• **PROVIDED RECORDS**:
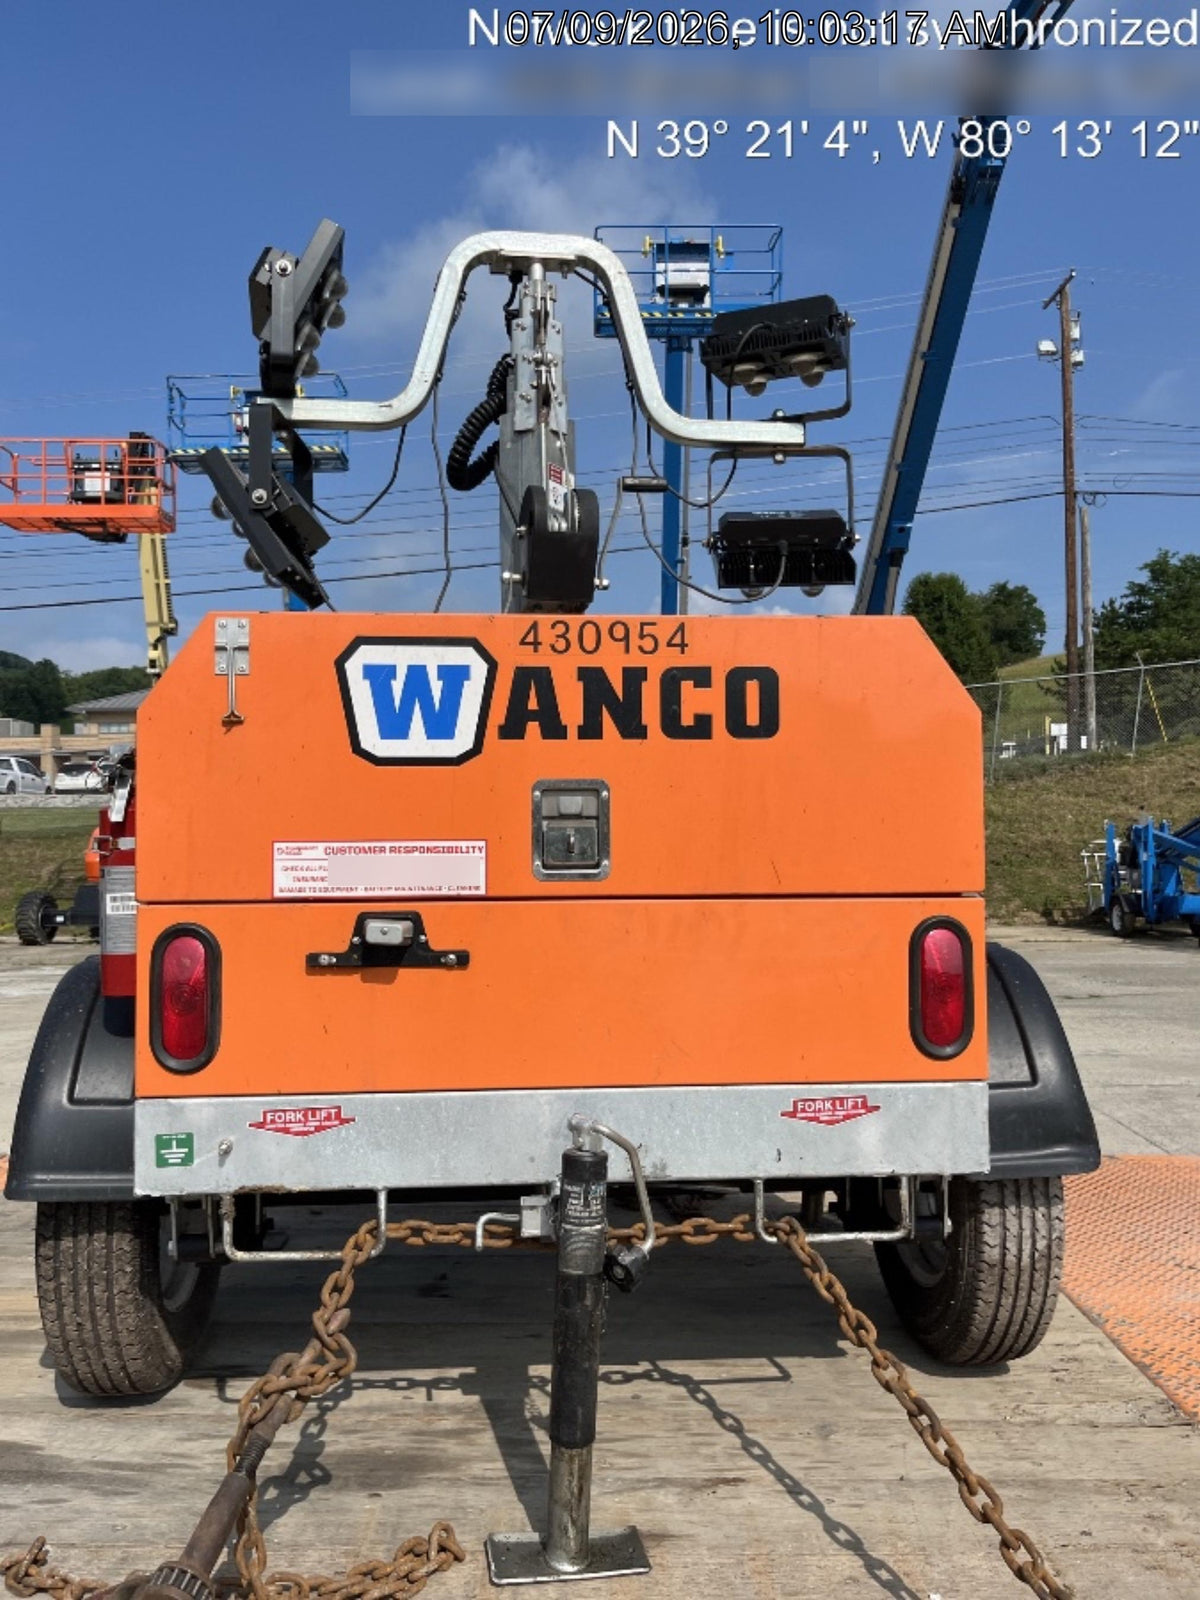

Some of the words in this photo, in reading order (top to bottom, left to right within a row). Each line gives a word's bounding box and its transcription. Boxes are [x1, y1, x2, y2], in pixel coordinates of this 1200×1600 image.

[518, 619, 689, 655] 430954
[362, 662, 780, 741] WANCO
[324, 845, 386, 856] CUSTOMER
[388, 845, 484, 855] RESPONSIBILITY
[797, 1100, 833, 1112] FORK
[835, 1098, 864, 1110] LIFT
[266, 1111, 305, 1123] FORK
[308, 1109, 338, 1121] LIFT
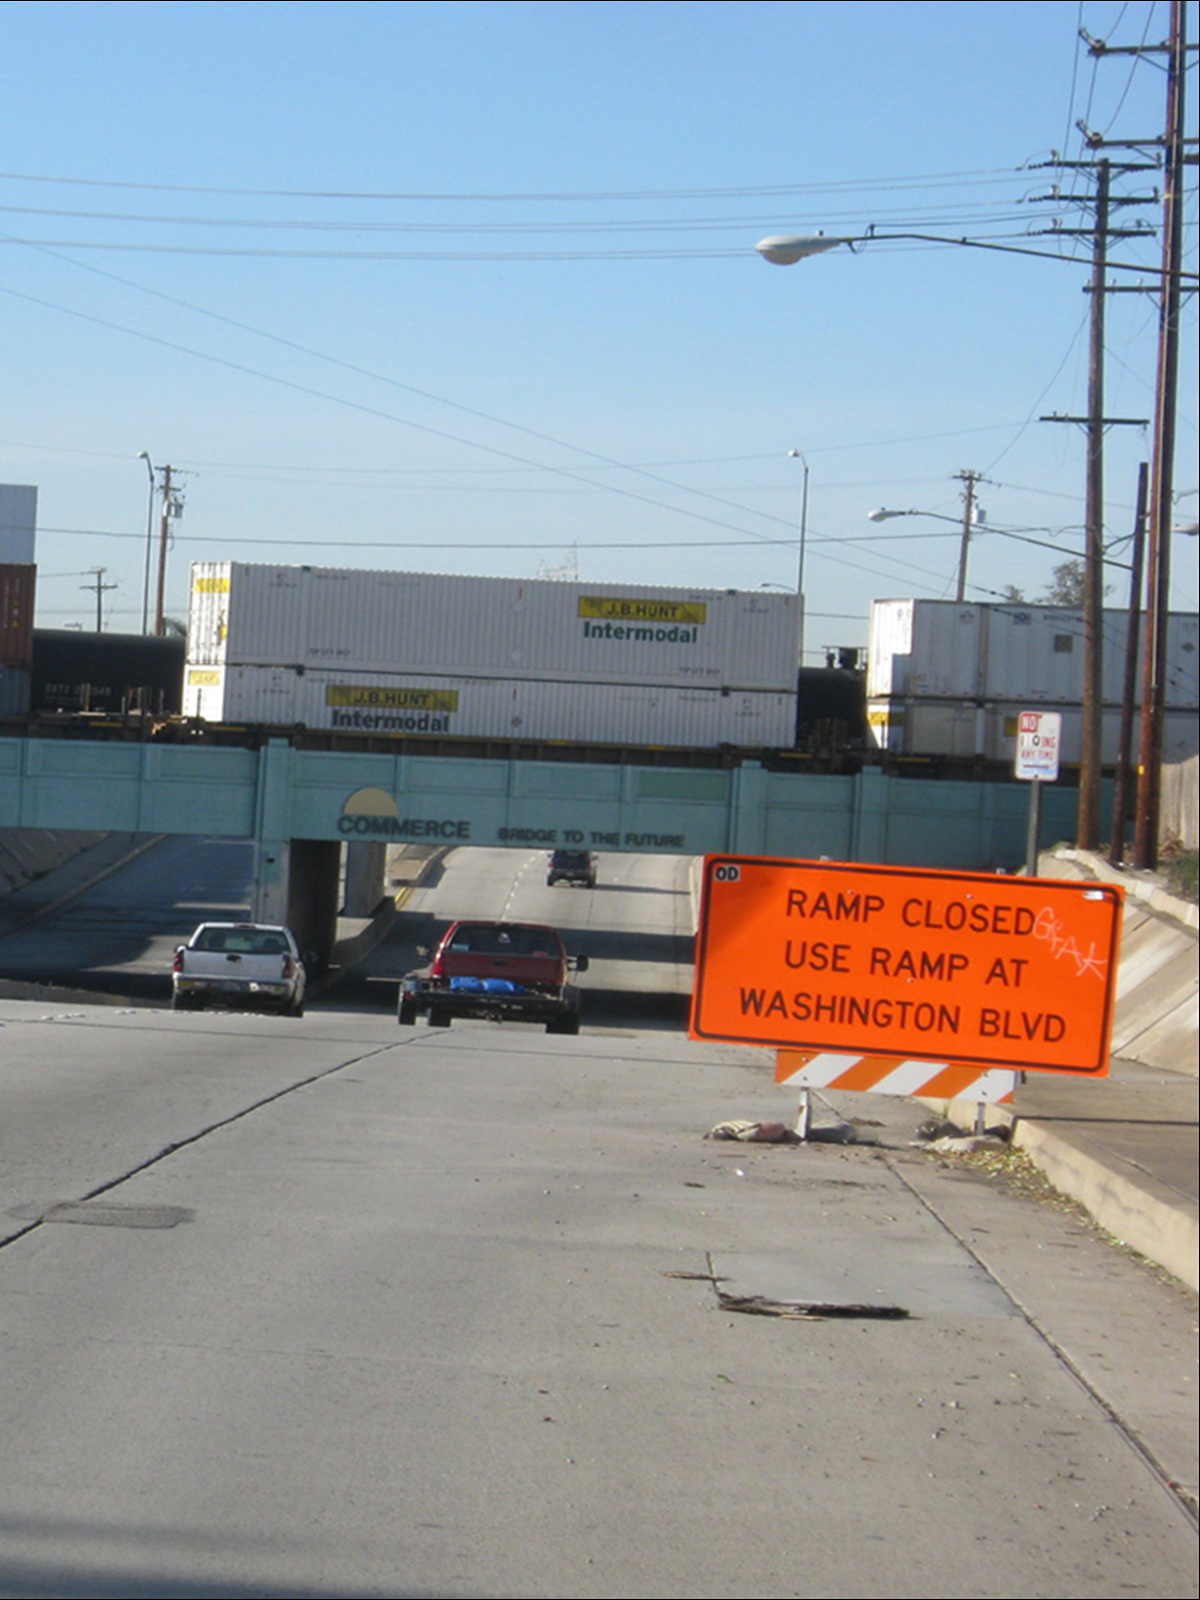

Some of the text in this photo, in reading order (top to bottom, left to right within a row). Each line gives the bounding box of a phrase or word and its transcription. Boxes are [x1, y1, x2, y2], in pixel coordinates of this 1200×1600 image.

[583, 621, 698, 644] Intermodal
[331, 709, 450, 733] Intermodal
[1021, 714, 1038, 731] NO
[337, 814, 471, 839] COMMERCE
[498, 826, 686, 848] BRIDGE TO THE FUTURE
[716, 866, 739, 882] OD
[786, 889, 1036, 936] RAMP CLOSED
[784, 940, 1029, 988] USE RAMP AT
[739, 987, 1067, 1044] WASHINGTON BLVD

• **TASK TO CARRY OUT**: Without the pictures, restate each entry exactly.

• **ANSWER TO THIS PROBLEM**:
Some of the words in this photo, in reading order (top to bottom, left to right within a row). Each line gives a word's bounding box and its transcription. Boxes are [x1, y1, x2, y2], in pixel coordinates of this 1200×1600 image.

[518, 619, 689, 655] 430954
[362, 662, 780, 741] WANCO
[324, 845, 386, 856] CUSTOMER
[388, 845, 484, 855] RESPONSIBILITY
[797, 1100, 833, 1112] FORK
[835, 1098, 864, 1110] LIFT
[266, 1111, 305, 1123] FORK
[308, 1109, 338, 1121] LIFT

Some of the text in this photo, in reading order (top to bottom, left to right within a row). Each line gives the bounding box of a phrase or word and its transcription. Boxes are [x1, y1, x2, y2], in pixel coordinates of this 1200×1600 image.

[583, 621, 698, 644] Intermodal
[331, 709, 450, 733] Intermodal
[1021, 714, 1038, 731] NO
[337, 814, 471, 839] COMMERCE
[498, 826, 686, 848] BRIDGE TO THE FUTURE
[716, 866, 739, 882] OD
[786, 889, 1036, 936] RAMP CLOSED
[784, 940, 1029, 988] USE RAMP AT
[739, 987, 1067, 1044] WASHINGTON BLVD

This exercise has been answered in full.